Work order: Give the data below again exactly as it stands. Omit the pictures.

Record extracts:
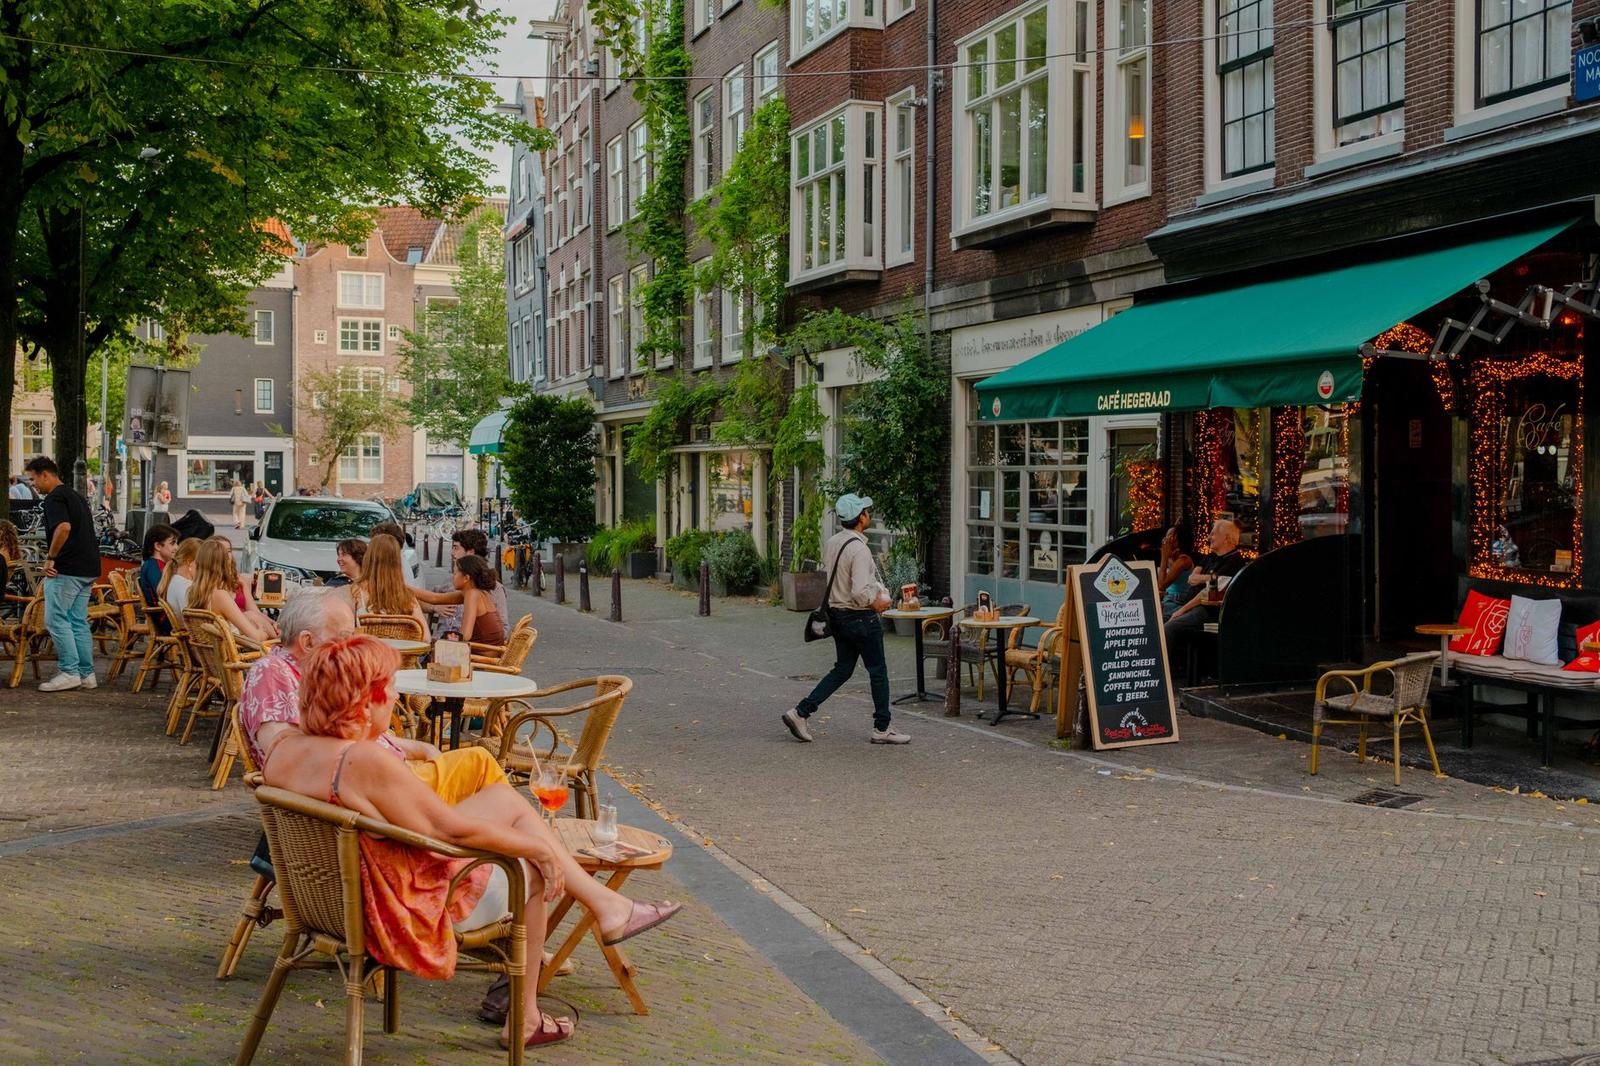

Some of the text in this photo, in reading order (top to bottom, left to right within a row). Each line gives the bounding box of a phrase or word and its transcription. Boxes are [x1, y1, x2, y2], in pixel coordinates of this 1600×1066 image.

[1097, 389, 1171, 411] CAFÉ HEGERAAD
[1105, 627, 1144, 639] HOMEMADE
[1104, 638, 1148, 650] APPLE PIE!!!
[1102, 658, 1156, 671] GRILLED CHEESE
[1134, 679, 1160, 690] PASTRY

Written response:
Some of the text in this photo, in reading order (top to bottom, left to right within a row). Each line gives the bounding box of a phrase or word and its transcription. Boxes are [x1, y1, x2, y2], in pixel coordinates of this 1600×1066 image.

[1097, 389, 1171, 411] CAFÉ HEGERAAD
[1105, 627, 1144, 639] HOMEMADE
[1104, 638, 1148, 650] APPLE PIE!!!
[1102, 658, 1156, 671] GRILLED CHEESE
[1134, 679, 1160, 690] PASTRY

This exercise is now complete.